Atenção: Este texto contém spoilers.
Lançado em 2019, Capitã Marvel não é apenas mais um filme de origem; é um marco monumental que redefiniu o equilíbrio de poder no Universo Cinematográfico Marvel (MCU). Situado nos anos 90, o longa apresenta Carol Danvers, uma ex-piloto da Força Aérea que, após ser exposta à energia do Tesseract (a Joia do Espaço), ganha habilidades cósmicas incomparáveis. A trama é brilhante ao subverter expectativas: o que começa como uma guerra contra os transmorfos Skrulls revela-se uma jornada de autodescoberta. O grande spoiler reside na revelação de que os Skrulls são, na verdade, refugiados vítimas do império Kree, e que o mentor de Carol, Yon-Rogg, é o verdadeiro vilão que manipulou suas memórias e limitou seus poderes por anos.

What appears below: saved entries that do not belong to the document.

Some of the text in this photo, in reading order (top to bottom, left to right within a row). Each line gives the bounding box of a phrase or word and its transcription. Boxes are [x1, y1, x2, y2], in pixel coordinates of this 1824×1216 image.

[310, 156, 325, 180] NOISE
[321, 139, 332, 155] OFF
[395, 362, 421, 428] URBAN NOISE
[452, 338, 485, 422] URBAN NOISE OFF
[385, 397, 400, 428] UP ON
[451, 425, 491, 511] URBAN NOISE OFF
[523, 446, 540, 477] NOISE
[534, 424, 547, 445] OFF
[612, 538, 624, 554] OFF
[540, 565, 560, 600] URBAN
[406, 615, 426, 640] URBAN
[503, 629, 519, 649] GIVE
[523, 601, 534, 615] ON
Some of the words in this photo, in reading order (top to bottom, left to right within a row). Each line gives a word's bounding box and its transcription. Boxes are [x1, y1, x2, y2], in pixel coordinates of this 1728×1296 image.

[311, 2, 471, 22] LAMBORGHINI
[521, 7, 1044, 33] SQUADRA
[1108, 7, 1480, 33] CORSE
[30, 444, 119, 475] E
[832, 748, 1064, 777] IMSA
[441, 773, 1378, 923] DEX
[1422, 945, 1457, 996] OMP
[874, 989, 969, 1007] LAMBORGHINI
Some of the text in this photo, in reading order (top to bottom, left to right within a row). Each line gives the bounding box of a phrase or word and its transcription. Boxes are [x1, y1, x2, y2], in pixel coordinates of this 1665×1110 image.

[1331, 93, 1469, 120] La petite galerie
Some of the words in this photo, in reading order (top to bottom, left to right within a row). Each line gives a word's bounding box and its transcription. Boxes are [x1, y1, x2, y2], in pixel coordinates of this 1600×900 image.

O ápice do filme ocorre quando Carol finalmente rompe os grilhões mentais impostos pela Inteligência Suprema Kree. Ao aceitar sua humanidade — e as inúmeras vezes em que caiu e se levantou ao longo da vida —, ela desbloqueia seu potencial total, tornando-se a entidade mais poderosa do MCU até então. A cena dela voando e destruindo naves espaciais inteiras com as próprias mãos é um deleite visual que solidifica sua importância tática para os Vingadores. Além disso, o filme amarra pontas soltas cruciais da franquia, revelando como Nick Fury perdeu o olho (graças à “gata” Goose, que é na verdade um perigoso Flerken) e a origem da própria “Iniciativa Vingadores”, batizada em homenagem ao codinome de voo de Carol.
A importância de Capitã Marvel vai muito além da narrativa. Com uma trilha sonora nostálgica e uma química perfeita entre Danvers e Fury, o filme é um pilar essencial que trouxe frescor, representatividade e uma força imparável para o universo Marvel.